Action item:
A verbatim transcript of the data that follows, free of images, is the expected result.

#### Data for this exercise

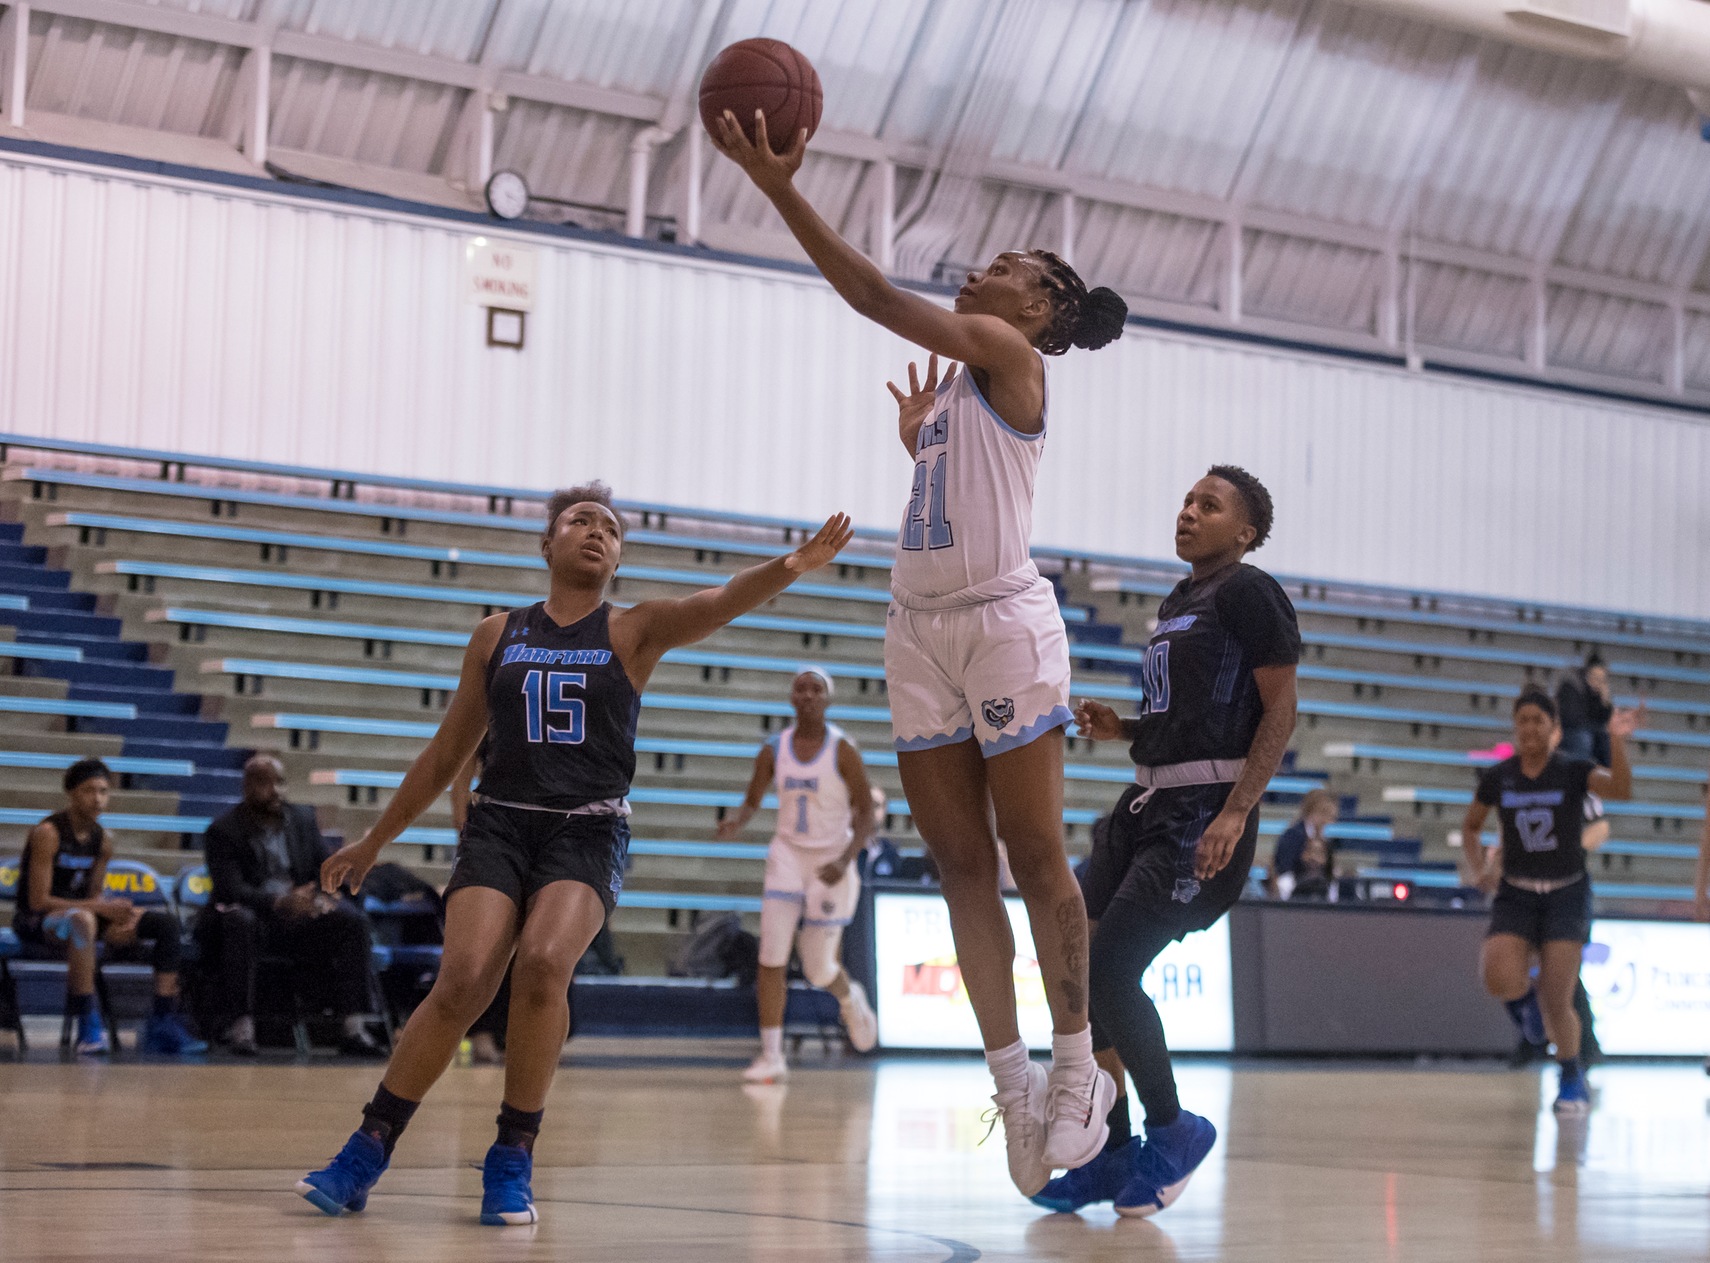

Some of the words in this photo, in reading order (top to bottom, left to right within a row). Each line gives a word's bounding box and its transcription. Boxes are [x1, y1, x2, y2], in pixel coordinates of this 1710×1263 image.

[902, 451, 954, 551] 21
[500, 643, 613, 667] HARFORD
[521, 669, 586, 745] 15
[796, 794, 809, 834] 1
[1515, 808, 1559, 853] 12
[103, 873, 156, 893] WLS
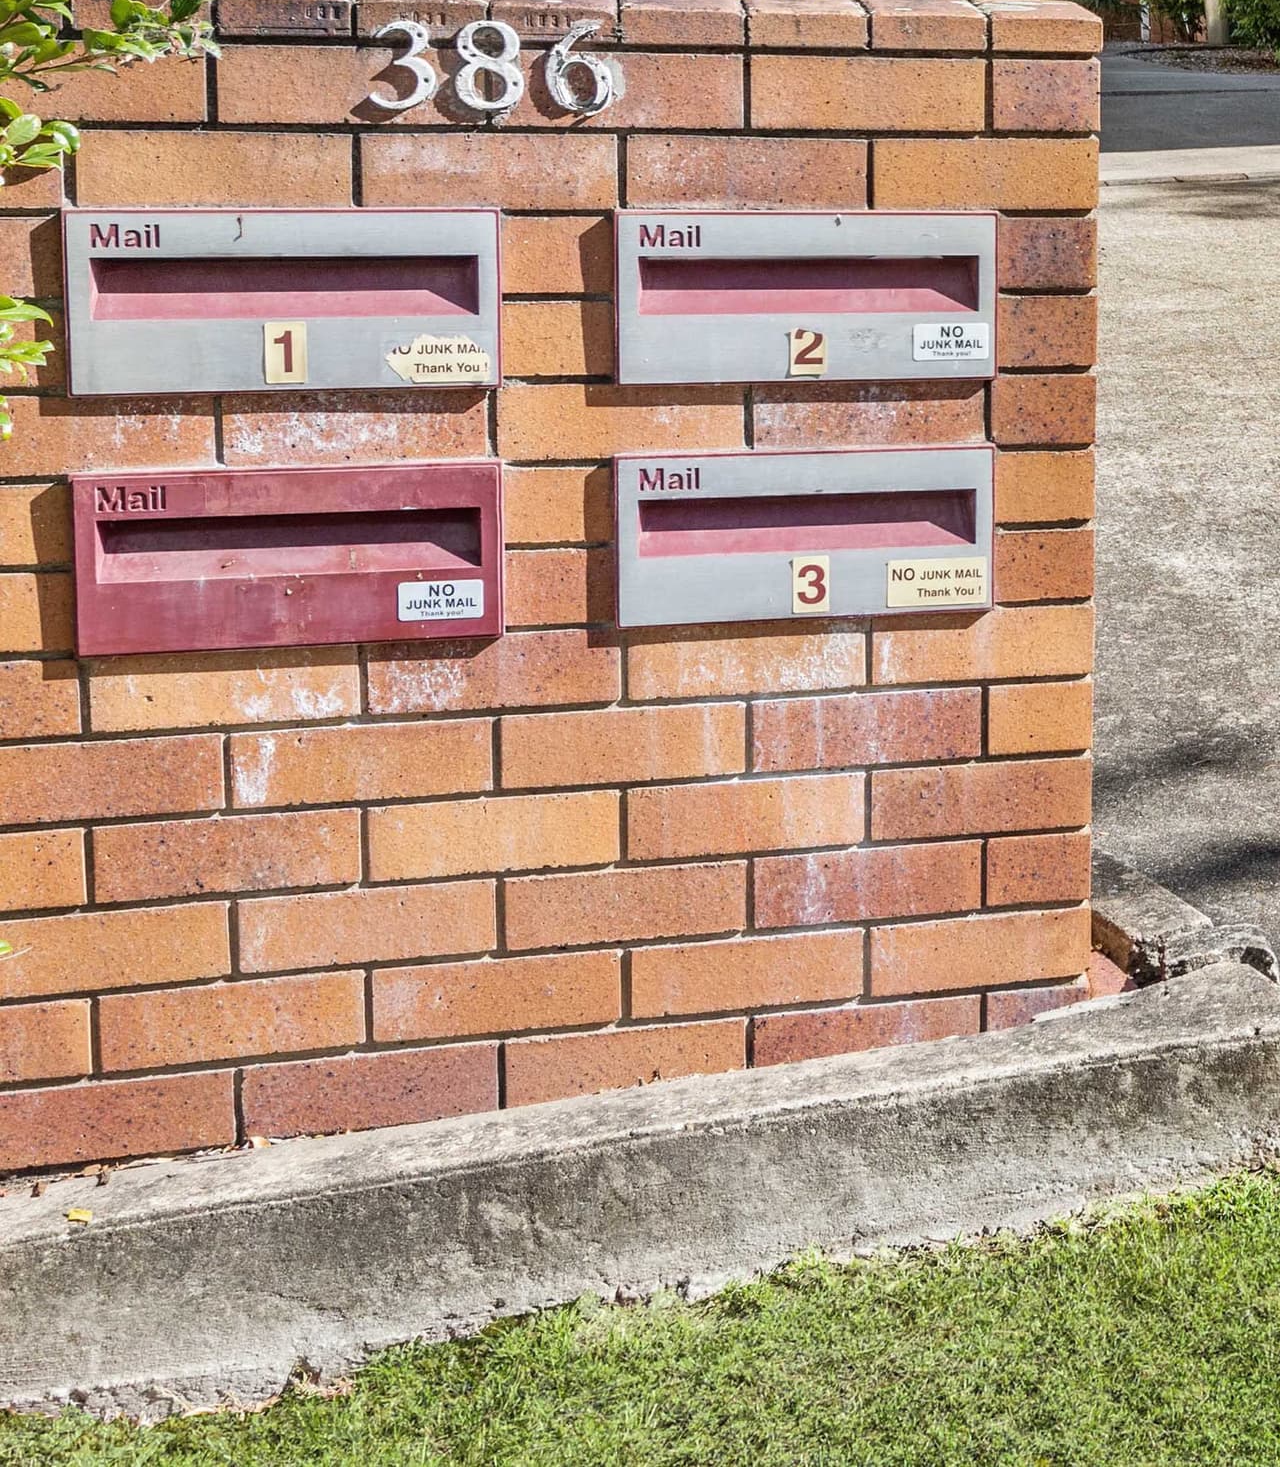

########

Solved exercise:
Some of the words in this photo, in reading order (top to bottom, left to right within a row). Each line gives a word's bounding box and its transcription. Boxes are [x1, y1, x2, y2], in pixel coordinates of this 1710×1263 image.

[902, 451, 954, 551] 21
[500, 643, 613, 667] HARFORD
[521, 669, 586, 745] 15
[796, 794, 809, 834] 1
[1515, 808, 1559, 853] 12
[103, 873, 156, 893] WLS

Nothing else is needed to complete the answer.